Maybe it’s the mountain air. Maybe it’s because for the first time in three years, the World Economic Forum meeting is back to normal as a physical gathering in Switzerland in January. For whatever reason, the world’s bankers, CEOs, and policymakers are sounding cautiously optimistic about 2023.
Take the world’s second-largest economy: China. On Tuesday, Vice Premier Liu He said Chinese life had returned to normal with the lifting of pandemic restrictions. “We are confident China’s growth will most likely return to its normal trend,” he added. If he’s right, China’s growth would nearly double from 3% last year, helping to buoy the world economy at a time when the West is slowing.

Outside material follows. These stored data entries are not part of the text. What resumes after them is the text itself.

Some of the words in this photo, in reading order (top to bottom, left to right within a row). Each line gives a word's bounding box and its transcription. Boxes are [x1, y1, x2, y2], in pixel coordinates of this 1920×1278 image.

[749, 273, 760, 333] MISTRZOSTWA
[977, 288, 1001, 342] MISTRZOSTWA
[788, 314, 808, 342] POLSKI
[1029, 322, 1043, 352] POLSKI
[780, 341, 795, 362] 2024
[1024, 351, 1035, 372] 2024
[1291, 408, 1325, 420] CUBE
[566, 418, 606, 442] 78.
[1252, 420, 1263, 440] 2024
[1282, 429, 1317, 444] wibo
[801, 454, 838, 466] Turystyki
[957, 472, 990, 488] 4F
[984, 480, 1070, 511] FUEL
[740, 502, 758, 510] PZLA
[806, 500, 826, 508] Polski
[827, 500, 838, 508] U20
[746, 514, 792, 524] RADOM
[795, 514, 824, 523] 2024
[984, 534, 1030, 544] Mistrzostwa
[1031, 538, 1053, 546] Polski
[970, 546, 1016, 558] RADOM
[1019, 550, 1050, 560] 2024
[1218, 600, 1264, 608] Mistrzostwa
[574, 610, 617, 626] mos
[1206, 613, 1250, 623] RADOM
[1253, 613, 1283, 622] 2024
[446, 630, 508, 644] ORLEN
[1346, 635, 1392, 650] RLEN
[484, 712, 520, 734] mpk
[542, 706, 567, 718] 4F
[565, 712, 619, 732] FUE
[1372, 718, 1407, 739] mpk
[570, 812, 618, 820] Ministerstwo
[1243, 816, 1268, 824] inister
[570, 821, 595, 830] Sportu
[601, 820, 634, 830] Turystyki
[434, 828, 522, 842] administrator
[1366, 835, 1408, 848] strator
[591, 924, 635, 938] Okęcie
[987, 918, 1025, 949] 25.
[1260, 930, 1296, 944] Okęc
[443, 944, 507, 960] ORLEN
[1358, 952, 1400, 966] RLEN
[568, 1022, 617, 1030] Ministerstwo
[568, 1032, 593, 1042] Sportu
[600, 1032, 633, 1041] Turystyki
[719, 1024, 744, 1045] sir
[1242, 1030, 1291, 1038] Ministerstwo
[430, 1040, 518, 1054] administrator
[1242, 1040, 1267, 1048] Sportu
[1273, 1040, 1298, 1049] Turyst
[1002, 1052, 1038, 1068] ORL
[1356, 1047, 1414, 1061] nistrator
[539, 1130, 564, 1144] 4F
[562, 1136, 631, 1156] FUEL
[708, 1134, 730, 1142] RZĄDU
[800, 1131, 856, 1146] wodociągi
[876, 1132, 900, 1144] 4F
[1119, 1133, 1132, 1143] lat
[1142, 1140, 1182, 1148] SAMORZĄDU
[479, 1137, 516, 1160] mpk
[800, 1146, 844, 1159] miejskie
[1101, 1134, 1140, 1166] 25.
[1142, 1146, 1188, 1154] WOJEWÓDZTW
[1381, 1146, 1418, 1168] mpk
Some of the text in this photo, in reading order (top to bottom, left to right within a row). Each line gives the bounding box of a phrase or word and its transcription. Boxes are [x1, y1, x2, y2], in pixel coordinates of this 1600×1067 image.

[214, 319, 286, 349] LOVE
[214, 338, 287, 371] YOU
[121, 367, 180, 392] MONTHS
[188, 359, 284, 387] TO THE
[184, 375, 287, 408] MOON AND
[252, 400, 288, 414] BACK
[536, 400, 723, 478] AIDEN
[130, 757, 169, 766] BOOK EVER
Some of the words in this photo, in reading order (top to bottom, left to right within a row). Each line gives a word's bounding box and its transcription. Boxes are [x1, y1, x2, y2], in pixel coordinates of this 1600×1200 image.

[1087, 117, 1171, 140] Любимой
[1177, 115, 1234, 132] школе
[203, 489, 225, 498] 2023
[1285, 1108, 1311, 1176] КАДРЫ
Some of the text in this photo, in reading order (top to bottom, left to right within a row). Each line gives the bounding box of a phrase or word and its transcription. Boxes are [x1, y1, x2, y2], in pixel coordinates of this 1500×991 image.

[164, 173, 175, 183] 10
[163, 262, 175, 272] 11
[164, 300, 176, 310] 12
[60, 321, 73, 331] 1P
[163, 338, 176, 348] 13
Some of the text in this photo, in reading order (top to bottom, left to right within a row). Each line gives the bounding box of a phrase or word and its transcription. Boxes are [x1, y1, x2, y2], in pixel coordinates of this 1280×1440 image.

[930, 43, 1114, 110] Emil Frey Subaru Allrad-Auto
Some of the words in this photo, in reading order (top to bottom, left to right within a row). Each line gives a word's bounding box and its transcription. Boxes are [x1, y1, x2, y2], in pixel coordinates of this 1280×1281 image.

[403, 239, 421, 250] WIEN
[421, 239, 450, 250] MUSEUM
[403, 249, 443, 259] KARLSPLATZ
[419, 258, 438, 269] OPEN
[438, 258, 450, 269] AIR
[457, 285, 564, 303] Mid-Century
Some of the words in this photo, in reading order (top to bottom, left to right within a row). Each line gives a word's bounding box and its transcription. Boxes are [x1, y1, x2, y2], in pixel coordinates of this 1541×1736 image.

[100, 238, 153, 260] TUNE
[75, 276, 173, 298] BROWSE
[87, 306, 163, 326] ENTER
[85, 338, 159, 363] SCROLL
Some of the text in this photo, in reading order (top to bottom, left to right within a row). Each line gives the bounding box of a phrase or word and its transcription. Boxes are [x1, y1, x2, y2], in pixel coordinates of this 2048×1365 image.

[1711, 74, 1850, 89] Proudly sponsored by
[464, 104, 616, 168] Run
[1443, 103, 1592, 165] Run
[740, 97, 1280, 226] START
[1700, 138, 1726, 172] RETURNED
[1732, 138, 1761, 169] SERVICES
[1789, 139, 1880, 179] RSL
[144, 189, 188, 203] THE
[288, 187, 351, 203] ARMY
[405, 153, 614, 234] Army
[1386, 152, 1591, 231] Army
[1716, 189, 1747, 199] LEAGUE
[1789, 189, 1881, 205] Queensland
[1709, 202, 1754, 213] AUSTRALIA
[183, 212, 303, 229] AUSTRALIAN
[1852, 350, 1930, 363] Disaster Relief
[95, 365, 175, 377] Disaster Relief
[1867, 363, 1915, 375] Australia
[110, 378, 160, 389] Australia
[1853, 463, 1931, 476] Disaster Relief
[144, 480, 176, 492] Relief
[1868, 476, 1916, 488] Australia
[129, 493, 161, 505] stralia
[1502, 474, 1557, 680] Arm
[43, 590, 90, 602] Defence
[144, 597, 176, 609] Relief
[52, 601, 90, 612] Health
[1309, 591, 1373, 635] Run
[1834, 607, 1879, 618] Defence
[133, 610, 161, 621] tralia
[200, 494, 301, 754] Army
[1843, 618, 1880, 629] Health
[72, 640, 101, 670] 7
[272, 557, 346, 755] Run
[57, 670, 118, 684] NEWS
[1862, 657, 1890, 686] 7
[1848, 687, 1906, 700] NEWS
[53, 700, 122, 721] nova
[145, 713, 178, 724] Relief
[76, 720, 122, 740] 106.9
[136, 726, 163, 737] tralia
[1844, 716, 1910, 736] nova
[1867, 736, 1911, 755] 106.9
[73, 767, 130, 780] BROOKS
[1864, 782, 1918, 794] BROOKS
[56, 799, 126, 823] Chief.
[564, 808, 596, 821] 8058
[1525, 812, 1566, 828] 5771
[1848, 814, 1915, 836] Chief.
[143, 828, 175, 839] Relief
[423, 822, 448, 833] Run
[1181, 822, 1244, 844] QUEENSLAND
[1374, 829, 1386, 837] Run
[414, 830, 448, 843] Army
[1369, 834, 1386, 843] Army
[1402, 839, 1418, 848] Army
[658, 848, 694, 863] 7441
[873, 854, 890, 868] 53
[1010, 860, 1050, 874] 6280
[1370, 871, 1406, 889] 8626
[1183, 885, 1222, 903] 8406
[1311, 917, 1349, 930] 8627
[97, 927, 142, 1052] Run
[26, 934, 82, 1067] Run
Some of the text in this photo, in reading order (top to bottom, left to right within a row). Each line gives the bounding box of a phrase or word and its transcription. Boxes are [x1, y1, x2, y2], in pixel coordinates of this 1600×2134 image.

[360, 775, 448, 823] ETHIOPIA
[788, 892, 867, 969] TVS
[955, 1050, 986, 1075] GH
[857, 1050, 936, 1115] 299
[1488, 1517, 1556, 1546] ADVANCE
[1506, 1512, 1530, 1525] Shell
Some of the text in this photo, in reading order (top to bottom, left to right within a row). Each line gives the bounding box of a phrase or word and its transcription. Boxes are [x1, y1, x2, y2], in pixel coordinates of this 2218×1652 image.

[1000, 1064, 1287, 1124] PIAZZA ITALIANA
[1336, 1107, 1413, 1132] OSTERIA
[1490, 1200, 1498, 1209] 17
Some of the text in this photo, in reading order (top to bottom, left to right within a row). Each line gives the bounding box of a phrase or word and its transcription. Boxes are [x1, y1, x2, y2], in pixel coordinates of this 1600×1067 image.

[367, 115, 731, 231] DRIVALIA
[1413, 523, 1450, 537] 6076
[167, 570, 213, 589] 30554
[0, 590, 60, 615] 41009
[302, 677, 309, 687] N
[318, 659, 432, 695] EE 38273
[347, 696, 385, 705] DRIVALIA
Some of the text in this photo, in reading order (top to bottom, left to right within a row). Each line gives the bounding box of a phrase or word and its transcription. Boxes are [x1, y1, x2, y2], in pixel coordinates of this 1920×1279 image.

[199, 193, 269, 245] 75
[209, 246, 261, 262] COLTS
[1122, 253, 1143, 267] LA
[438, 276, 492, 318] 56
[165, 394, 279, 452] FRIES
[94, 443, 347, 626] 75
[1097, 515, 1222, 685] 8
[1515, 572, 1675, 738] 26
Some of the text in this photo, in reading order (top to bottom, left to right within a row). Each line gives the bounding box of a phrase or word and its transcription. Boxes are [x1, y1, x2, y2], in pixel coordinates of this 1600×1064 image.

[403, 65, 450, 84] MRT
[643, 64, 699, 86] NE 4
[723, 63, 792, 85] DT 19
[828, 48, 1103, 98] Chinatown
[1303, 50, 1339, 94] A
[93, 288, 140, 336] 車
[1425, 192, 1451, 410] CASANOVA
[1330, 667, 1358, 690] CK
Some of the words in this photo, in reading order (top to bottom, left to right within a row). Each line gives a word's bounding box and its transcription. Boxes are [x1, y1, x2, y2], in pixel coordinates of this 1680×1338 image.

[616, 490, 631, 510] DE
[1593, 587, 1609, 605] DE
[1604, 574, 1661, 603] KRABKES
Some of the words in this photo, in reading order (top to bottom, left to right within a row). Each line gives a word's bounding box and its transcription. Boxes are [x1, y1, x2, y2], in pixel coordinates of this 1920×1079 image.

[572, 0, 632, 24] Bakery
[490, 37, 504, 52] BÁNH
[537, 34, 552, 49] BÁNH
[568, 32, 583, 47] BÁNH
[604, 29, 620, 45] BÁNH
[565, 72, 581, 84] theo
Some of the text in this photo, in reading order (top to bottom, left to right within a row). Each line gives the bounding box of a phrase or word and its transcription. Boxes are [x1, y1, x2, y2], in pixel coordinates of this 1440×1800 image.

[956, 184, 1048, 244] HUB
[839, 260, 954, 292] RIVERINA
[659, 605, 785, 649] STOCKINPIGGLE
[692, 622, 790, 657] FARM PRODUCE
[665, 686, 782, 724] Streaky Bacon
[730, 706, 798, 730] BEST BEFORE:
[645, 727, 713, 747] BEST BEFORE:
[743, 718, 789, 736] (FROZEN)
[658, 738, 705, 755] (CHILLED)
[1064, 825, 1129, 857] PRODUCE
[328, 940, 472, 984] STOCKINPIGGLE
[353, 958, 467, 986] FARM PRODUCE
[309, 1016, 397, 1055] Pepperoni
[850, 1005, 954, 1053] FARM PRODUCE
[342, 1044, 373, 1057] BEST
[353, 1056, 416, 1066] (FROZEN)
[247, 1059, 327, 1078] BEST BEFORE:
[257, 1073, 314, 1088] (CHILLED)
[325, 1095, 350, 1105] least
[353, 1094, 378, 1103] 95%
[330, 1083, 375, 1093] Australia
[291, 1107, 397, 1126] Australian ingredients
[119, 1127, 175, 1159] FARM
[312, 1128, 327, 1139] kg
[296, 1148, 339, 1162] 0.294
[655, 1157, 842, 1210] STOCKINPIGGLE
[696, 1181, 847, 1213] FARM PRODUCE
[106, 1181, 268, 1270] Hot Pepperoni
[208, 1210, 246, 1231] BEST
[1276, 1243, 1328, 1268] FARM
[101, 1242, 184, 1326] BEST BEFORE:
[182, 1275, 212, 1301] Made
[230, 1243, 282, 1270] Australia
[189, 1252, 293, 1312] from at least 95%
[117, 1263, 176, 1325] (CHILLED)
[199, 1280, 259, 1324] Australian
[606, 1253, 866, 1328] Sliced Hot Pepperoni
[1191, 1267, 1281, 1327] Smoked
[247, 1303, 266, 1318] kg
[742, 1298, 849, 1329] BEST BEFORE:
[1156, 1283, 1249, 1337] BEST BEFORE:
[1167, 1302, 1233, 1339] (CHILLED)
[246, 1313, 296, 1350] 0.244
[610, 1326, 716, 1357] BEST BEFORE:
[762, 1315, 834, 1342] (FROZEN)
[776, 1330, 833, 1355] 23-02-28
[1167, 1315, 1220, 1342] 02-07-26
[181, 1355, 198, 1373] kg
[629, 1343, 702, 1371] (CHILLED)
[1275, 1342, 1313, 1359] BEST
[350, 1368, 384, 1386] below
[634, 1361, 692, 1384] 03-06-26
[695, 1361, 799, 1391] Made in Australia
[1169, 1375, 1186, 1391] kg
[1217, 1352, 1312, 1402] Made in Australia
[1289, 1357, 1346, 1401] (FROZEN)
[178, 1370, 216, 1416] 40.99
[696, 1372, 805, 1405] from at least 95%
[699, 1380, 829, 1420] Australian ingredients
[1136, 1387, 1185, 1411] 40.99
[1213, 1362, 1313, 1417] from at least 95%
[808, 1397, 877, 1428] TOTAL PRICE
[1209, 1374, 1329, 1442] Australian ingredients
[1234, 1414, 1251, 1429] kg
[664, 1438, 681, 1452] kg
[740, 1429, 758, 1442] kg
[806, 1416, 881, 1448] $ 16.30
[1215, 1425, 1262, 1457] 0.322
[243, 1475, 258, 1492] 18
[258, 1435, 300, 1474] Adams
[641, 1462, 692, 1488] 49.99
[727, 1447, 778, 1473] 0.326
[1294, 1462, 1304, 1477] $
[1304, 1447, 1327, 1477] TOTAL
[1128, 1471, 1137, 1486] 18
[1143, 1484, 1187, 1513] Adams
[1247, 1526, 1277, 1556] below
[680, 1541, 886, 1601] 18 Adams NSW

The head of OPEC: “We’re seeing signs of green” for the global economy, OPEC Secretary-General Haitham Al-Ghais told Bloomberg Television in Davos. The chairman of tech and engineering giant ABB: The worst of the computer chip shortage is over, Peter Voser told CNBC. At the International Monetary Fund, First Deputy Managing Director Gita Gopinath now expects “improvement” in the latter half of 2023.
Even in Germany, hit hard by the war in Ukraine, Chancellor Olaf Scholz said the nation’s energy supply is now secure despite Russia’s cutoff of natural gas. The move is also speeding up Germany’s transition to green energy, he added.
The world economy still has several valleys of risk to navigate in 2023 – such as uncertainties regarding inflation, recession, and interest rates. But at least there’s some sunlight on the peaks.